Soon a museum of German prisoners of war

Paris. Today there are 83 hectares of fields which blend into the Norman bocage. But from 1944 to 1946, 60,000 German prisoners could live simultaneously in the Foucarville camp (Manche): a real town whose ephemeral existence left no trace in the landscape. This hidden memory will soon resurface a few meters from the former prison camp, in the form of a site museum. Supported by a private foundation, supported by the Normandy region, this future museum dedicated to prisoners of war is the subject of an architectural competition, the winner of which will be revealed in the fall.

At the origin of this new museum, there was the chance discovery of the complete archives of the Foucarville camp in a canteen belonging to Lieutenant-Colonel Kennedy. The daughter of the American soldier, administrator of the camp, unearthed this historical treasure shortly after the death of the colonel, and immediately contacted the commune of Foucarville. The Warren J. Kennedy Foundation, hosted by the Mérimée Foundation, recognized as being of public utility, was created in 2021 to manage and promote these archives, which are the subject of a study followed by a publication led by the amateur historian Anne Broilliard.
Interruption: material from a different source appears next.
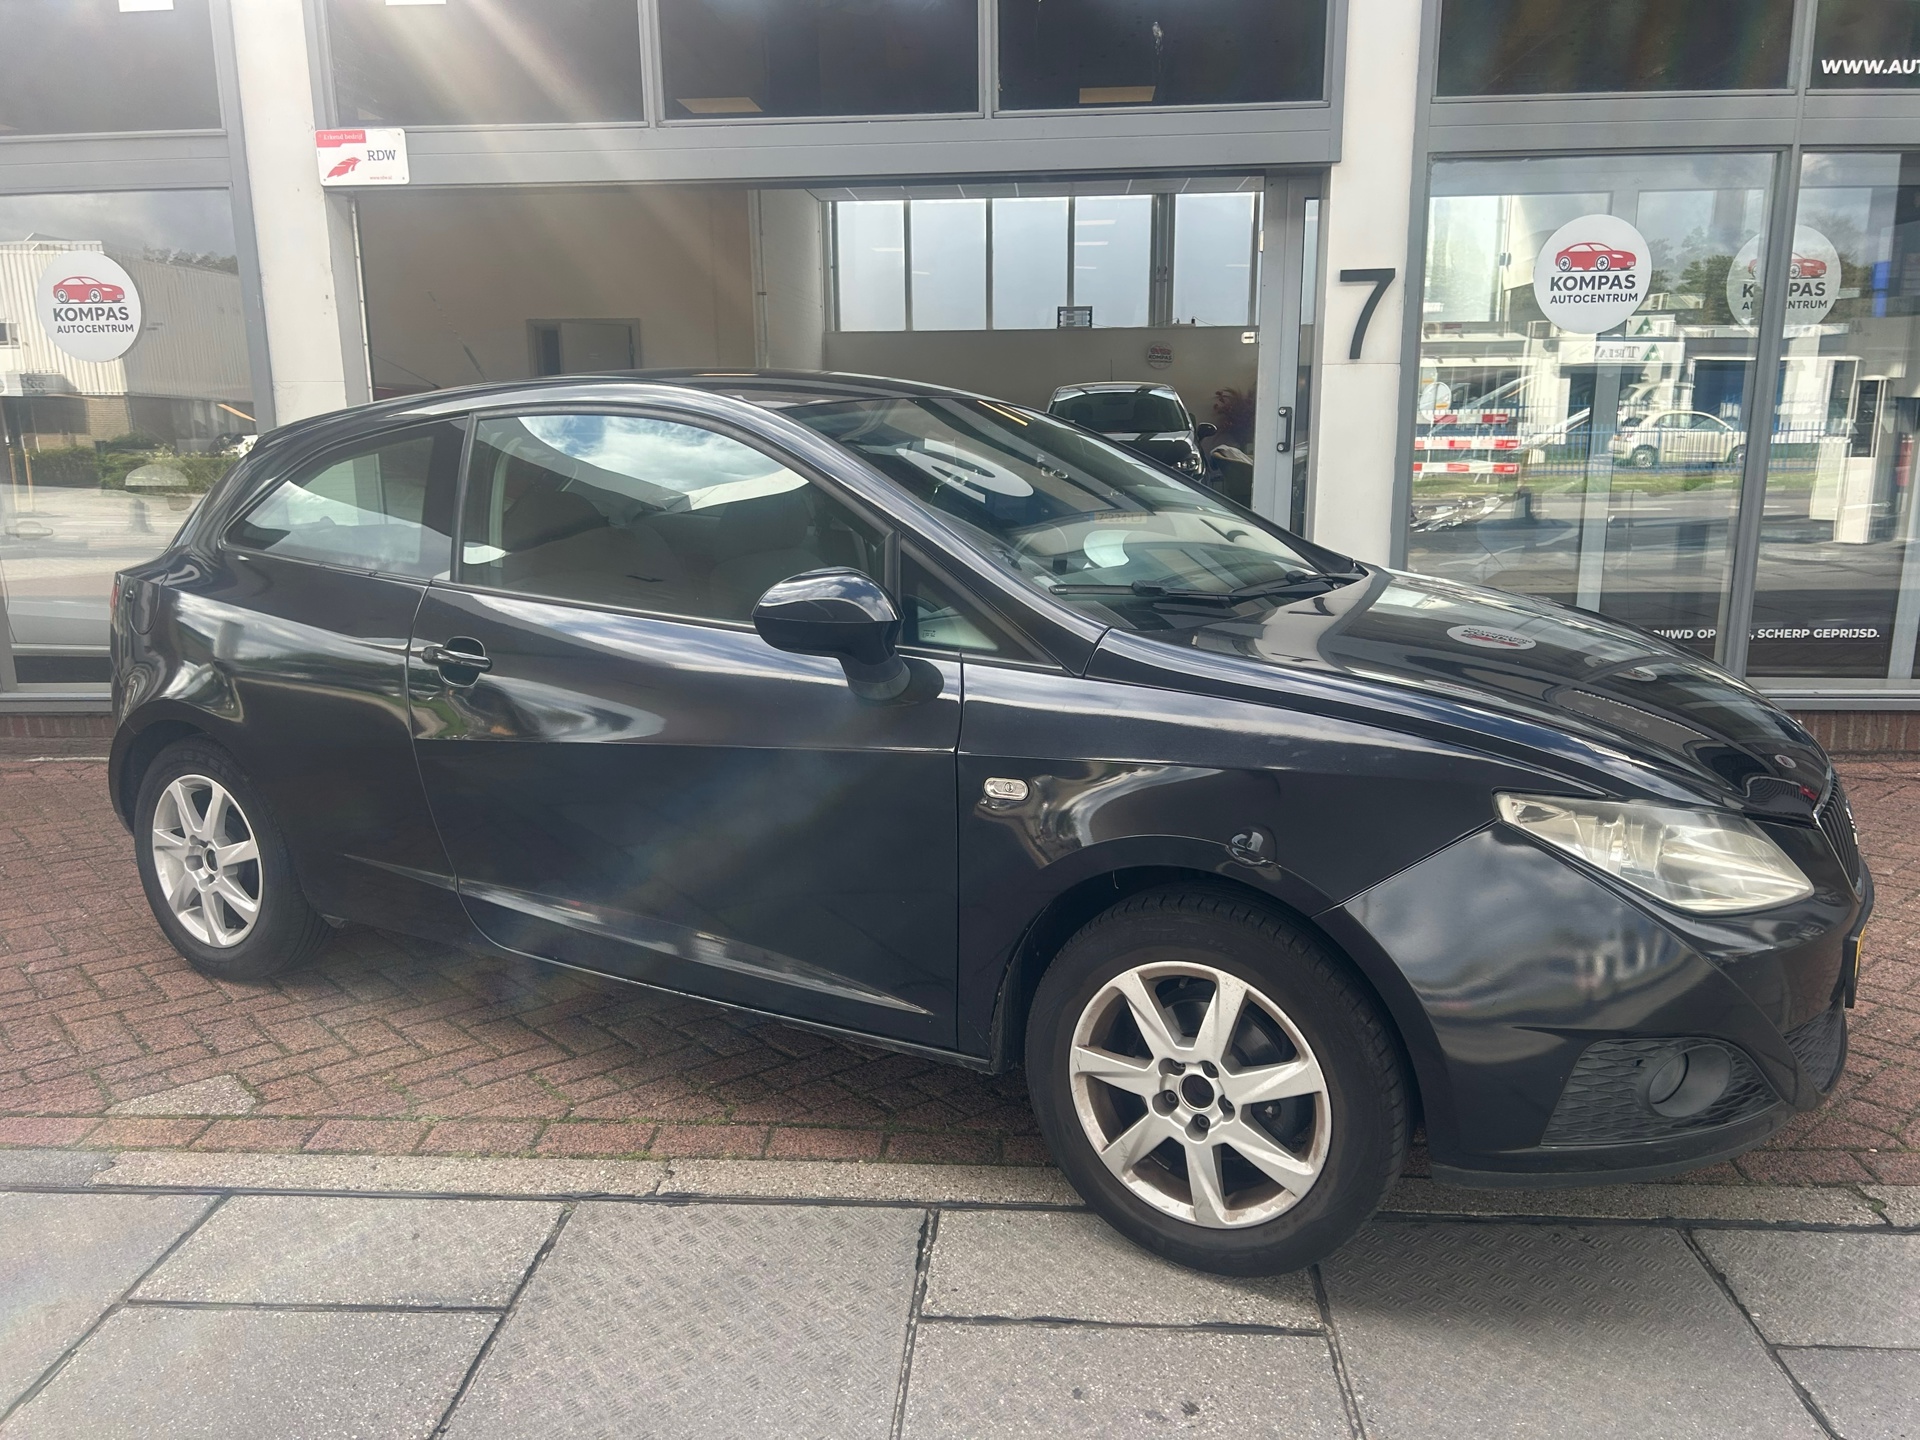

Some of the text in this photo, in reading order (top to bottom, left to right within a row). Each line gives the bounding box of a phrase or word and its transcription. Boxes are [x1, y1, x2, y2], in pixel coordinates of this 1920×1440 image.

Exhibitions in Foucarville then at the Airborne Museum (Sainte-Mère-Église) and at the Utah Beach memorial (Sainte-Marie-du-Mont) brought this little-known subject to public awareness in 2016-2017.

Captivity of Soldiers in Wartime

The foundation acquired plots of land near the former camp, with the aim of creating a museum space by 2027. Centered initially on the experience of Foucarville, this cultural project extends to the more general question of prisoners of war under the leadership of the historian Fabien Théofilakis, specialist in captivity in times of war. The project management of the museum project is delegated to the programming agency Kantara, which imagines the route with a first sequence devoted to Foucarville, a second to its British and Soviet equivalents, then a temporary exhibition room where the history will be able to echo current issues.

“Colonel Kennedy wanted to make this camp a re-education project, through culture, sport, training, and not just a place of transit,” explains Yasmina Barbé Boudhar, programmer and co-founder of Kantara. It’s a fascinating subject, and one that resonates with German visitors. “ We had the opportunity to present the project to the German ambassador, who was touched because his father was himself a prisoner in the camp. » The “deradicalization” experiment, carried out in Foucarville with prisoners of war, sometimes very young, is able to interest a growing German public at Normandy places of memory. “We have been identifying a new German memory tourism for several years, but we have little else to present to them than a Nazi face of Germany,” indicates Yasmina Barbé Boudhar.

A network of memorials and contemporary conflicts

Collection work from former German prisoners is underway to enrich the route of the future museum, which will also take the form of landscaping on the former site of the camp. The estimated budget of 7 million euros is financed by the Normandy Region, which sees it as an asset in its project to register memorial sites as world heritage sites, but also by the Department, and up to 20% by American and German patronage. The Directorate of Memory, Culture and Archives of the Ministry of the Armed Forces supports this project, which it wishes to integrate into the network of museums and memorials to contemporary conflicts.